Tuesday, August 10, 2010

Fictitious play

Fictitious play is a very simple iterative procedure for finding a Nash equilibrium of a game. Before stating an open problem of interest, let me give a quick summary of how it works (or, you can read the Wikipedia page for a more careful description). It's an iterative process that if it converges, must converge to a Nash equilibrium, but unfortunately it doesn't always converge. However it always works for 2-player zero-sum games, more on that below.

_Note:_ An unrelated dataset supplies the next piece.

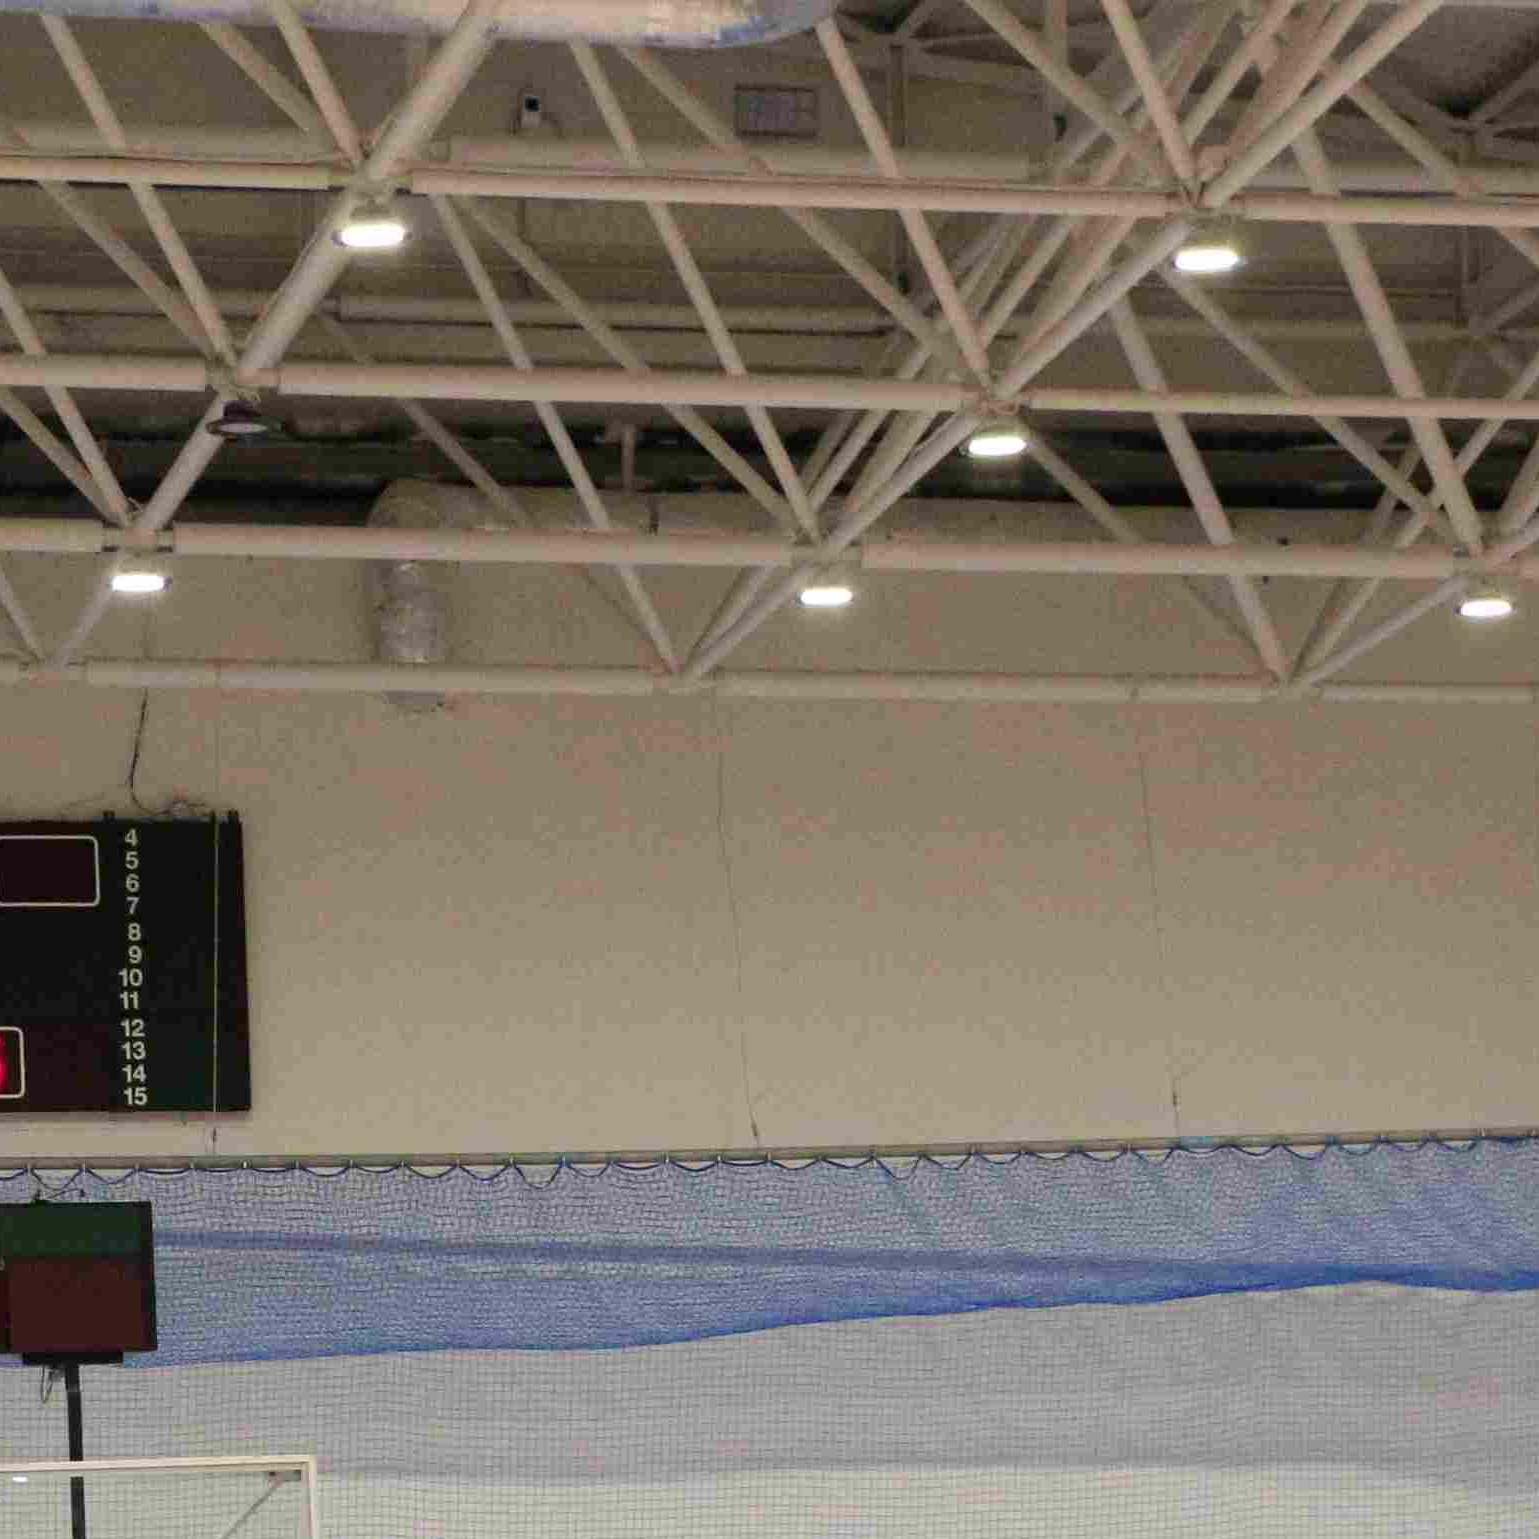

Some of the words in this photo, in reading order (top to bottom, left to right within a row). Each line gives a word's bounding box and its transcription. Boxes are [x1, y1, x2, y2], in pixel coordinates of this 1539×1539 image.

Assume you have a 2-player game. To begin with, each player chooses a single pure strategy. Then, both players construct sequences of strategies according to the following rule: At each step, a player considers the sequence chosen by the other player, he supposes that the other player will randomize uniformly over that sequence, and he chooses a best response to that mixed strategy. (So, a player's sequence is treated as a multiset of strategies, one of which is selected uniformly at random.) Technically, we should explain how to choose a best response in the event of a tie (2 equally good responses) - there are various options, but I won't discuss them. Anyway, the chosen best-response is added to a player's sequence, and that's how the sequences get extended.

I have recently been pestering various people with the following question: What is the complexity of the following problem:

input: a bimatrix game. For each player, an initial pure strategy.

question: does FP converge when those initial strategies are chosen at the start?

Additional question: If it converges, give the NE that it converges to.

(and just to be clear, this is not the same thing as asking about the complexity of FP itself.)

I recently read one of the early papers on the topic, namely: Robinson, J. (1951) "An Iterative Method of Solving a Game", Annals of Mathematics 54, 296-301. It is a beautiful paper, just 6 pages; I would recommend anyone to read it. It proves the result mentioned above, that for any zero-sum game, the payoffs obtained by the players do indeed converge to the value of the game. (The convergence rate that is implicitly obtained is very slow - maybe it can be improved?) Note, that is not the same thing as showing that the players play the correct strategies after any given number of iterations - a new paper in SAGT (Felix Brandt, Felix Fischer and Paul Harrenstein "On the Rate of Convergence of Fictitious Play") indicates it may take arbitrarily long to find the right strategies, depending on the payoff values.

Another nice question follows up on a paper by Vince Conitzer "Approximation guarantees for fictitious play" (Allerton 09). This paper studies the quality of approximate equilibria obtained by FP, in a scenario where the number of iterations is less than the number of pure strategies per player. But, if it's applied to a n×n game, and allowed to run for more than n iterations, for all we know it may actually do better than the best currently-known polynomial-time approximation algorithms (that obtain round about 1/3-approximation, if all payoffs are in [0,1].) Although, I will pessimistically guess that some troublesome games that haven't yet been identified, have it obtaining just a 1/2-approximation.